‘The Secret in the Wings’ reviewed by Gordon the Optom

by November 1, 2016

‘The Secret in the Wings’ – the title being a play on words – by the Tony Award winning writer, Mary Zimmerman. It is a compilation and adaptation of half a dozen, unfamiliar fairy tales. She has blended these quite dark stories to give us a most unusual, fantasy play.

This fastmoving, comical production showcases the immense talent of the younger, acting students in Curtin University’s Theatre Arts programme. It is presented at, and in conjunction with, the Spare Parts Puppet Theatre, 1 Short Street, Fremantle, as part of the Fremantle Festival. The short season runs until Saturday 29th October with the 90-minute performances at 7.30 pm.

 

It is an open stage without any cover or flats on the wings.

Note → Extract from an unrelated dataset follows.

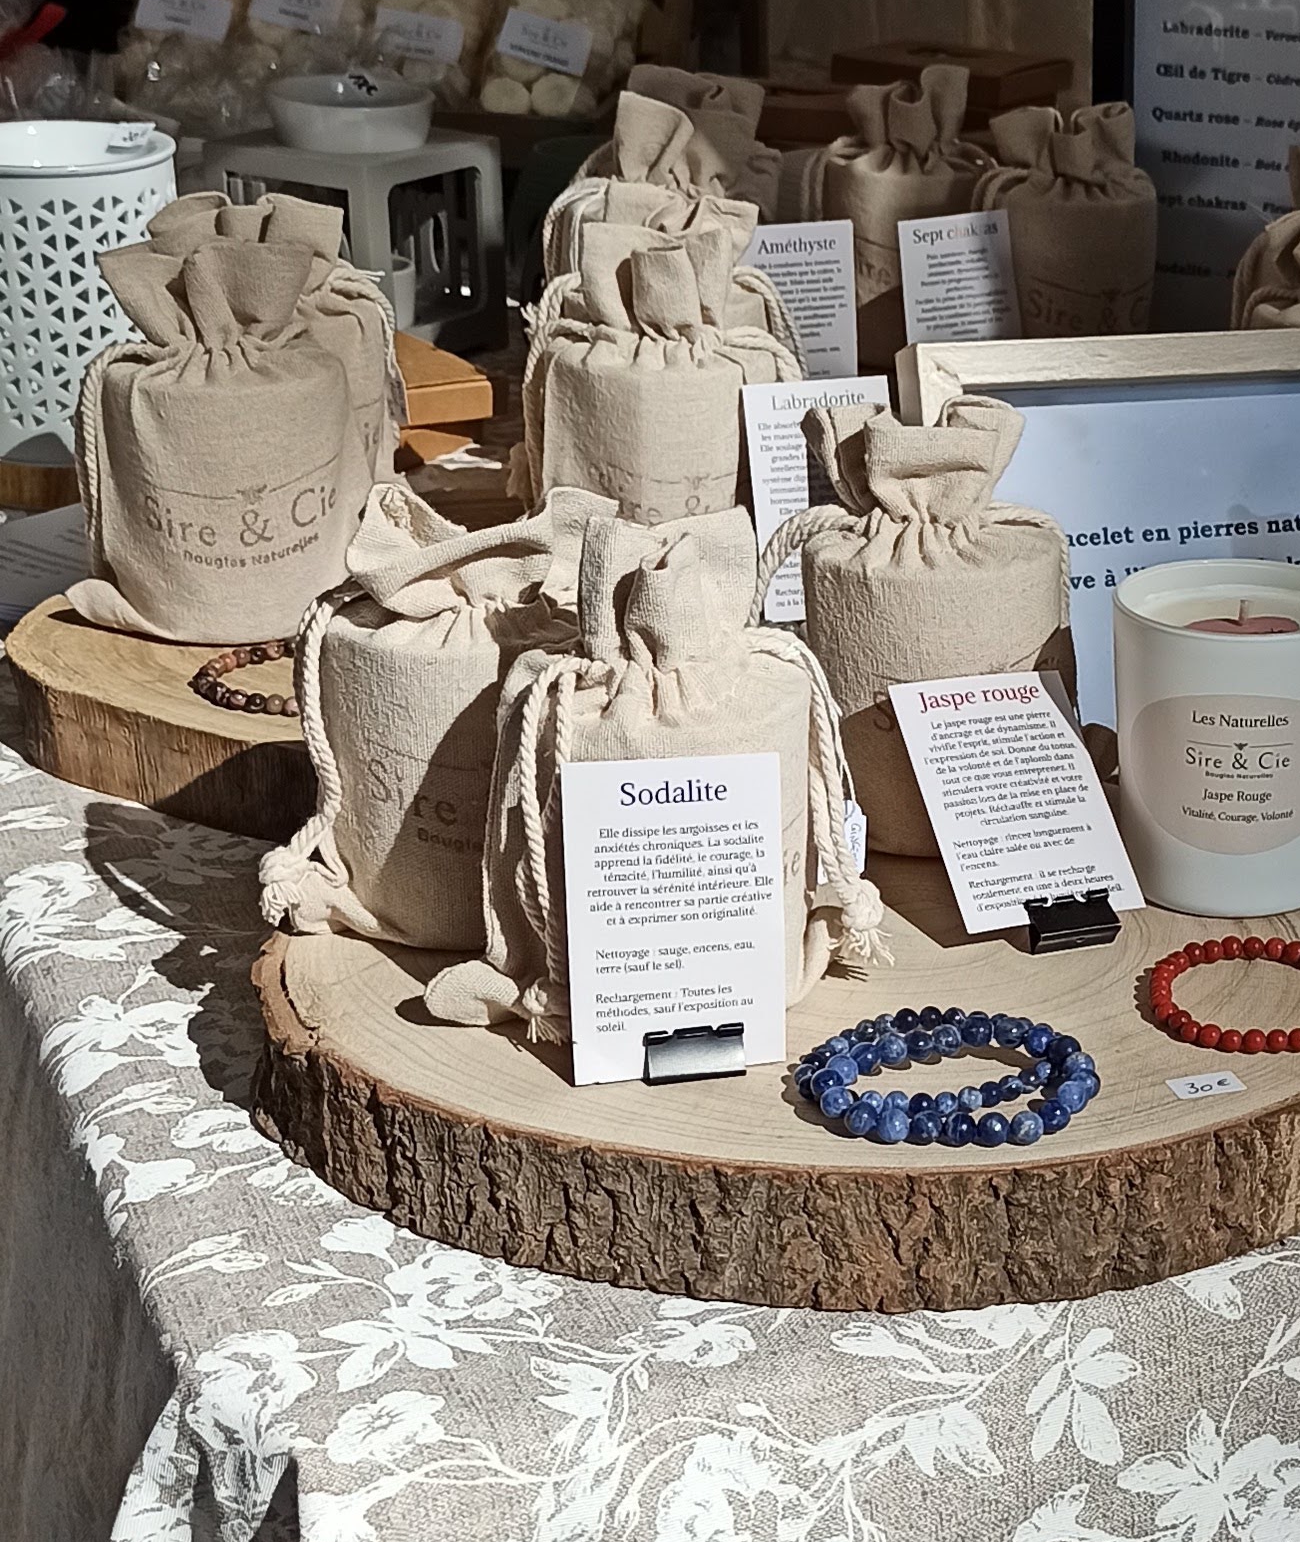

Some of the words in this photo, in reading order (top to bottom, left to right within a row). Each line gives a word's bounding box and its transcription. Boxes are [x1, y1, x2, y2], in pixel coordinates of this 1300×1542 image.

As the lights rise, a table and chairs are placed onto stage. A muslin screen appears centre stage; this acts as a backcloth, or as a translucent screen allowing shadowgraphs, or a ‘private look’ at action in another room. Production designer was Julie Reeves. Set design Olivia Dugandzic, and set construction and properties by Matt Arnold and Max Gipson

 

        Heidi (Kharla Fannon) is sitting at the dinner table with her mother (Ellen Dimitriou) and father (Alex Gerrans). They are a strange couple, who only talk to Heidi through marionettes that are dressed as they are (puppets by Jiri Barec). The parents announce that because they are going out for the evening, that Heidi should stay with the next-door neighbour – The Ogre (operated by Frazer Shepherdson). The Ogre is a strange, bunyip-like creature that has a long tail (designed by Zoë Atkinson, who constructed it with Jiri Zmitko).

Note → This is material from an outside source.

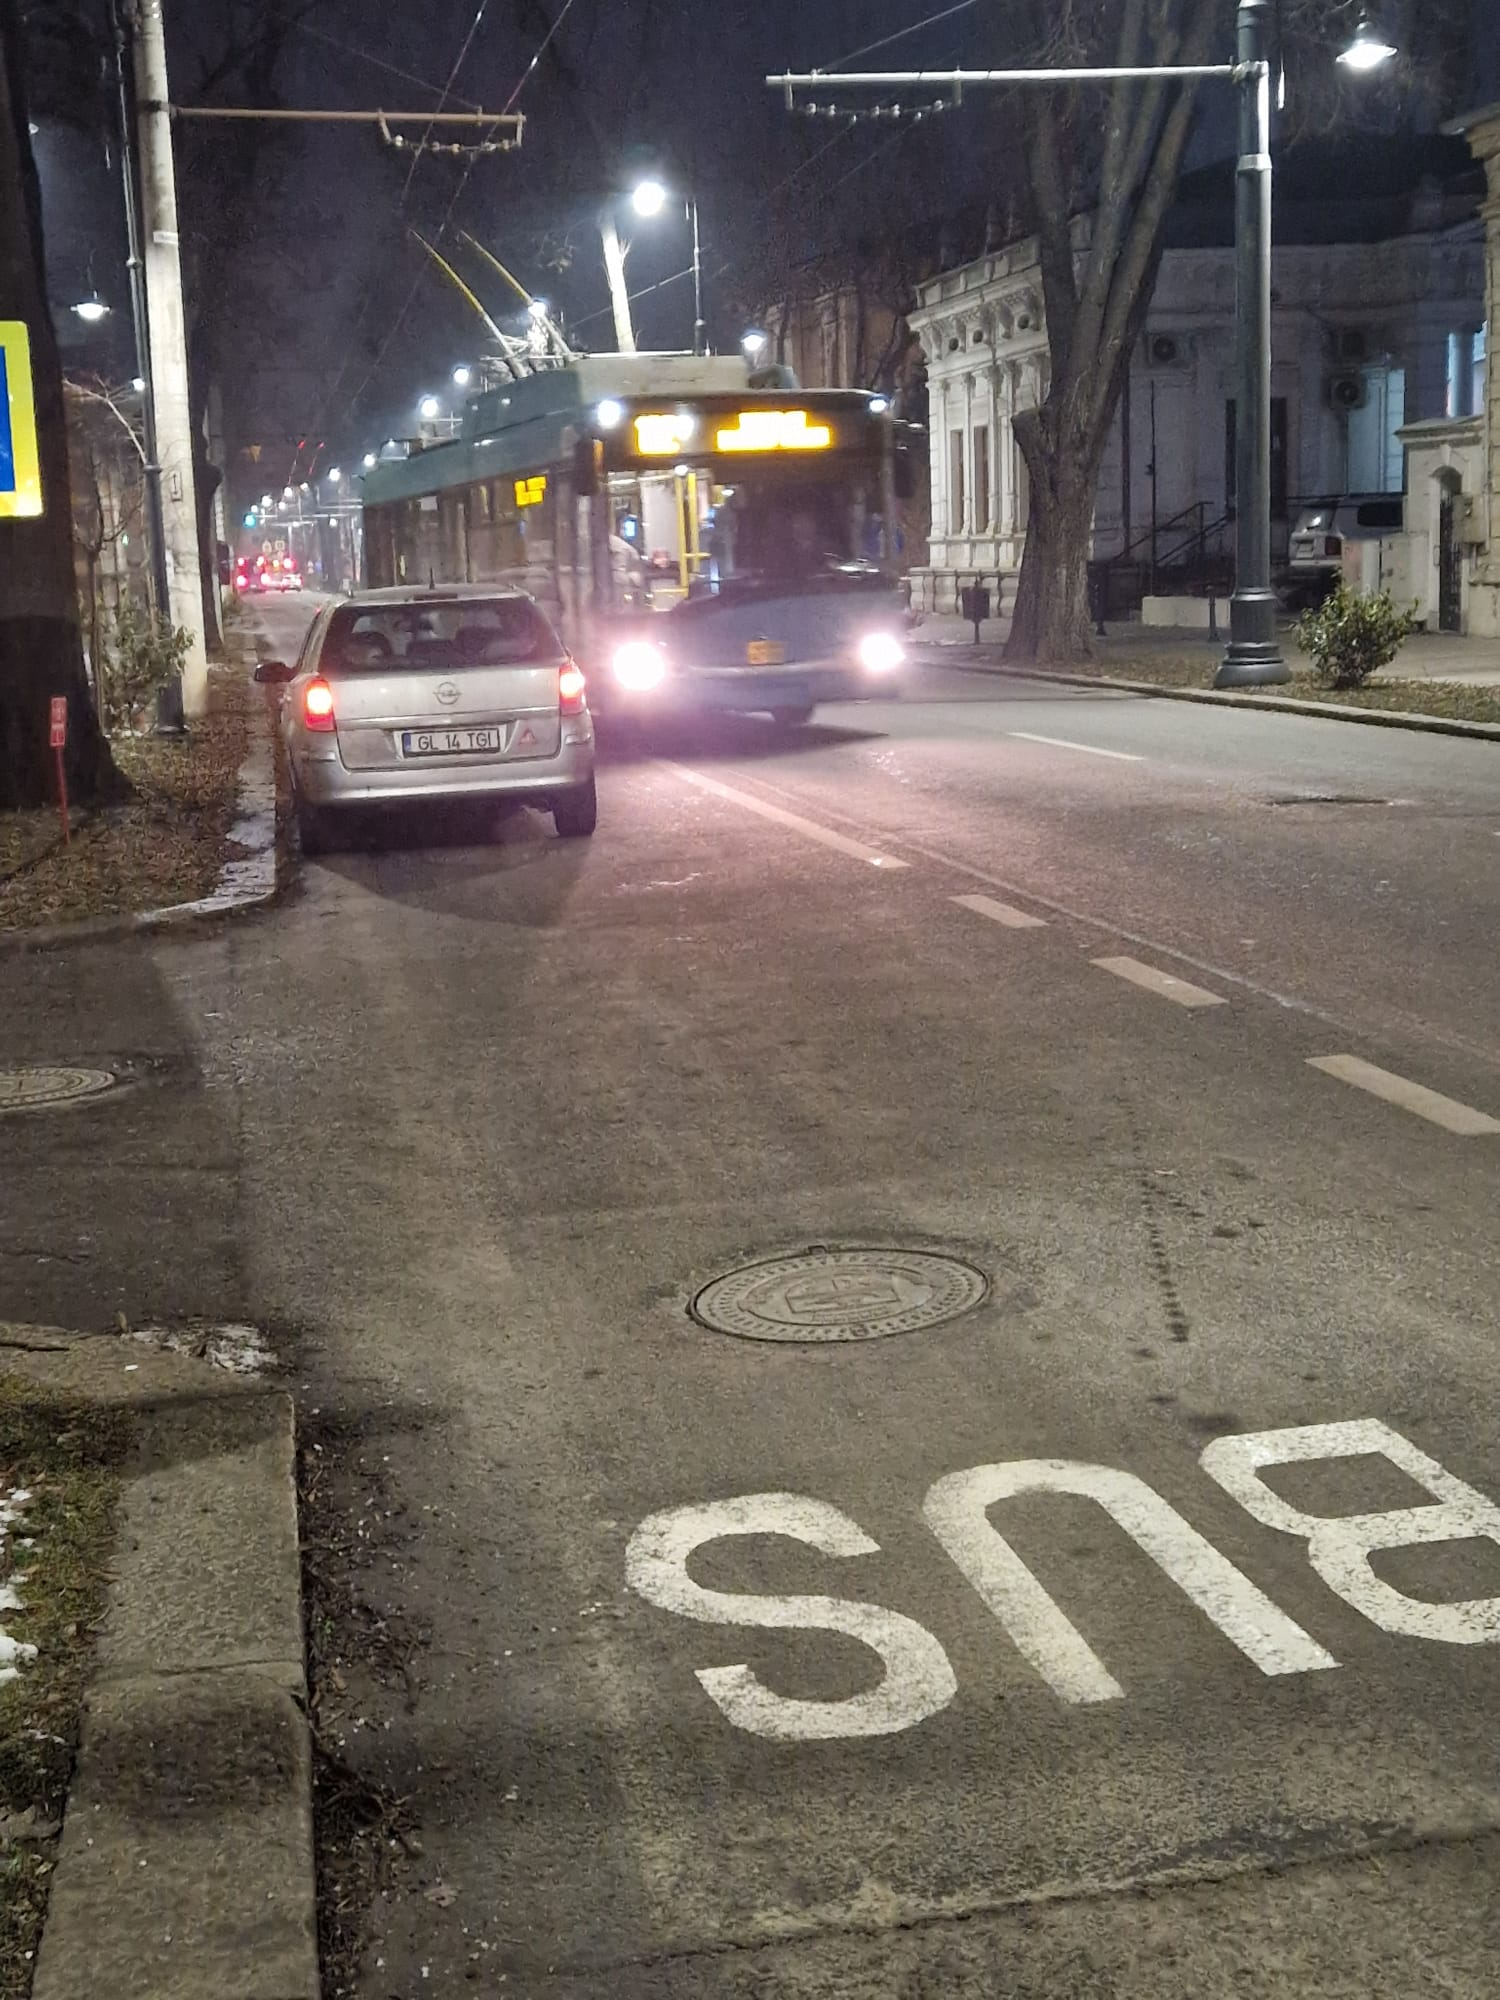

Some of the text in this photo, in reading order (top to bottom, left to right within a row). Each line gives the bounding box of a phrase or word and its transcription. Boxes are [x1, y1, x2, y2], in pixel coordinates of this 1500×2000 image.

[417, 731, 492, 751] GL 14 TGI
[625, 1417, 1500, 1741] BUS

        The Ogre is madly in love with Heidi, but he is constantly rejected. The babysitter opens an ancient book of tales and starts to read to Heidi. As piano plays softly in the background (Taisiya Payne), the stories become alive. An old miserable cook (Holly Mason) can be seen stirring her magic bowl in the kitchen. She produces three magical bread rolls (food puppets made by Bec Thorman and Helen Rice) that represent the King’s three daughters. The three daughters sang perfectly in A cappella. Their voices were clear and powerful, outstanding madrigal work (Song arranger Dylan Dorotich).

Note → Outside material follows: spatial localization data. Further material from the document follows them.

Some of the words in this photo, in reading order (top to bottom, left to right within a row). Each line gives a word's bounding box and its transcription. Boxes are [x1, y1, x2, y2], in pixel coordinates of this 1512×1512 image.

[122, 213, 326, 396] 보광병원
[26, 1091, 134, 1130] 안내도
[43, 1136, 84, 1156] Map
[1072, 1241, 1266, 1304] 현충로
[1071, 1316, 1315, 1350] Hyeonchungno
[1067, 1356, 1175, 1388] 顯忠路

      The bad tempered and miserable Princess (Shanae Tuxford) demanded to be entertained and made to laugh. Anyone not succeeding was to be beheaded. A series of entertainers (Lizzie Howard, Chelsea Gibson, Caitlin McFeat) tried their best to make her smile, by forming life-sized puppets with lengths of tubing for the arms and legs and balloons for the head. Sadly, after several hundred attempts, the miserable regal child still did not smile.

      Will happiness ever come to the Royal Family and poor Ogre?

 

The joint directors were Curtin University theatre’s senior lecturer, Leah Mercer and Spare Parts Puppet Theatre’s executive Philip Mitchell. Caitlin McFeat and Anna Lindstedt who aided in the dramaturg ably assisted them.  Mary Zimmerman cleverly employs unusual costumes and lighting to fashion the desired effect, here we have the extra gifts of the quality puppets.

This was a wonderful play to watch, filled with magic, terror, song and dance, but it must have been a complex play to present. It was stage managed by Paris Fields, who was assisted by Jack Bengough. Although there is plenty of humour, because of the dark themes and storylines, the ideal age for the audience is probably over 9 years.

The ghostly white costumes were created by Alicia Turner, Sally Davis and Ashleigh Ryan, with assistance of the construction sewing by Maddie Earle-Sadler, Cameron Norton and Bethan Walmsley. The complementary white make up was by Lauren Beeton and Ashleigh Ryan.

The atmosphere of the play relied heavily upon the clever technical effects (lighting designer Stephen Carr), the sound design by Sam Johnson and Julian Sewell (under the mentorship of the highly respected professional, Ben Collins) was superb, blending perfectly with the live music. Likewise, the lighting was vibrant and beautifully paced by Molly Earnshaw and Sam Ireland.

It is easy for a cast to think, ‘this is a children’s show, so we can get away with an average effort’. The truth is that you have to work twice as hard for youngsters; they can be your biggest critics. This show had tremendous pace, filled with athletic action – cartwheels, dancing – beautiful singing; in fact every acting talent was demanded of the performers, and as a terrific team, the cast gave their all to this vibrant production. Most professional and great fun.